*Description of the task*
Each line of the material below is to be written out exactly. Leave out any picture.

*Data section*
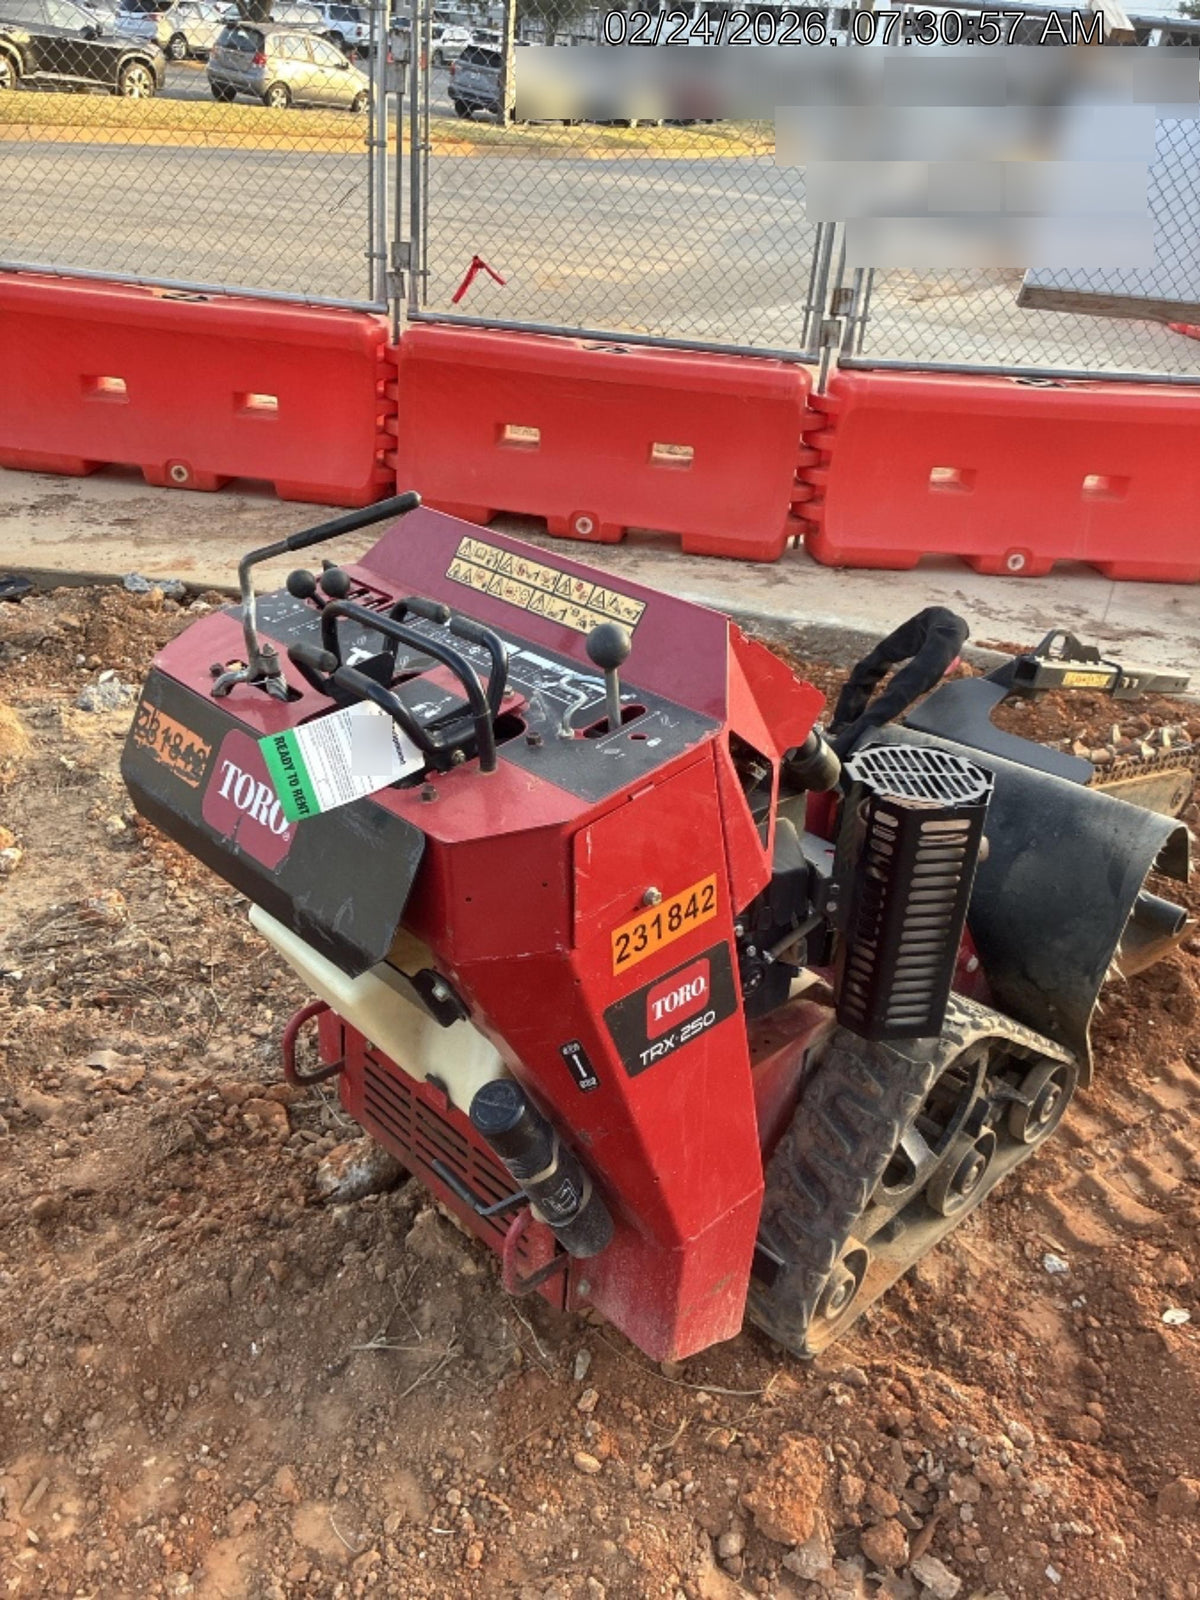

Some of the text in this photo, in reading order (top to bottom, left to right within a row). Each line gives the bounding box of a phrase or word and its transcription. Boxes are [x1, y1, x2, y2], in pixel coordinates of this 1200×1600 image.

[217, 759, 290, 834] TORO
[273, 735, 310, 815] READY TO RENT
[615, 884, 715, 965] 231842
[652, 975, 706, 1021] TORO

*Output for this task*
Some of the text in this photo, in reading order (top to bottom, left to right within a row). Each line gives the bounding box of a phrase or word and its transcription. Boxes are [x1, y1, x2, y2], in pixel coordinates of this 1200×1600 image.

[217, 759, 290, 834] TORO
[273, 735, 310, 815] READY TO RENT
[615, 884, 715, 965] 231842
[652, 975, 706, 1021] TORO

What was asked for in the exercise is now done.